• **SOURCE MATERIAL**
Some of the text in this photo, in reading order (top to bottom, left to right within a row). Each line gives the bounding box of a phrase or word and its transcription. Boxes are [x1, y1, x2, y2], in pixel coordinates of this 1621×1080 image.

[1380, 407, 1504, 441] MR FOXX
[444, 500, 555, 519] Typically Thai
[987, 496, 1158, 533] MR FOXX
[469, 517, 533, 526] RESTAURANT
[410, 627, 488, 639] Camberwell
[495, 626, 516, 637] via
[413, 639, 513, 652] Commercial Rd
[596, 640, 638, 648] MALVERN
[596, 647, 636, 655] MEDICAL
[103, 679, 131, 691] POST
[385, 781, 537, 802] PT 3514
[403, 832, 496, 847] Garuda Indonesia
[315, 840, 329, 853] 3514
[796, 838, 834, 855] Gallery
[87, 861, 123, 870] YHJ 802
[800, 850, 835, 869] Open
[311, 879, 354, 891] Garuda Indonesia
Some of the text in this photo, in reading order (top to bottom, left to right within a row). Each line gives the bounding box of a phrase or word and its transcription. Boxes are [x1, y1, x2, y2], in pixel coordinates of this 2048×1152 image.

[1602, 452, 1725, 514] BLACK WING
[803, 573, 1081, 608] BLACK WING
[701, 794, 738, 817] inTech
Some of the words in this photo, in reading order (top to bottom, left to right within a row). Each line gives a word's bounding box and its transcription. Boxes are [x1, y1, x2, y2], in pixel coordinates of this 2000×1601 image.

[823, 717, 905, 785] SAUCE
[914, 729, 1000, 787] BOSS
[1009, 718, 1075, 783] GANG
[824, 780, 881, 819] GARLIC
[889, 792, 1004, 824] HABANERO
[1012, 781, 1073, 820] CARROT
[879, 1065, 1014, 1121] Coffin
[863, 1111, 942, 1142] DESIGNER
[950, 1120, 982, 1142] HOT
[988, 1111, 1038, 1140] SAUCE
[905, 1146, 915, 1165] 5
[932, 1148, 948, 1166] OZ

• **TASK**
Print exactly, and only, the lines from the line containing "this 2048×1152 image." through the final line of the records, both included.

• **ANSWER BELOW**
Some of the text in this photo, in reading order (top to bottom, left to right within a row). Each line gives the bounding box of a phrase or word and its transcription. Boxes are [x1, y1, x2, y2], in pixel coordinates of this 2048×1152 image.

[1602, 452, 1725, 514] BLACK WING
[803, 573, 1081, 608] BLACK WING
[701, 794, 738, 817] inTech
Some of the words in this photo, in reading order (top to bottom, left to right within a row). Each line gives a word's bounding box and its transcription. Boxes are [x1, y1, x2, y2], in pixel coordinates of this 2000×1601 image.

[823, 717, 905, 785] SAUCE
[914, 729, 1000, 787] BOSS
[1009, 718, 1075, 783] GANG
[824, 780, 881, 819] GARLIC
[889, 792, 1004, 824] HABANERO
[1012, 781, 1073, 820] CARROT
[879, 1065, 1014, 1121] Coffin
[863, 1111, 942, 1142] DESIGNER
[950, 1120, 982, 1142] HOT
[988, 1111, 1038, 1140] SAUCE
[905, 1146, 915, 1165] 5
[932, 1148, 948, 1166] OZ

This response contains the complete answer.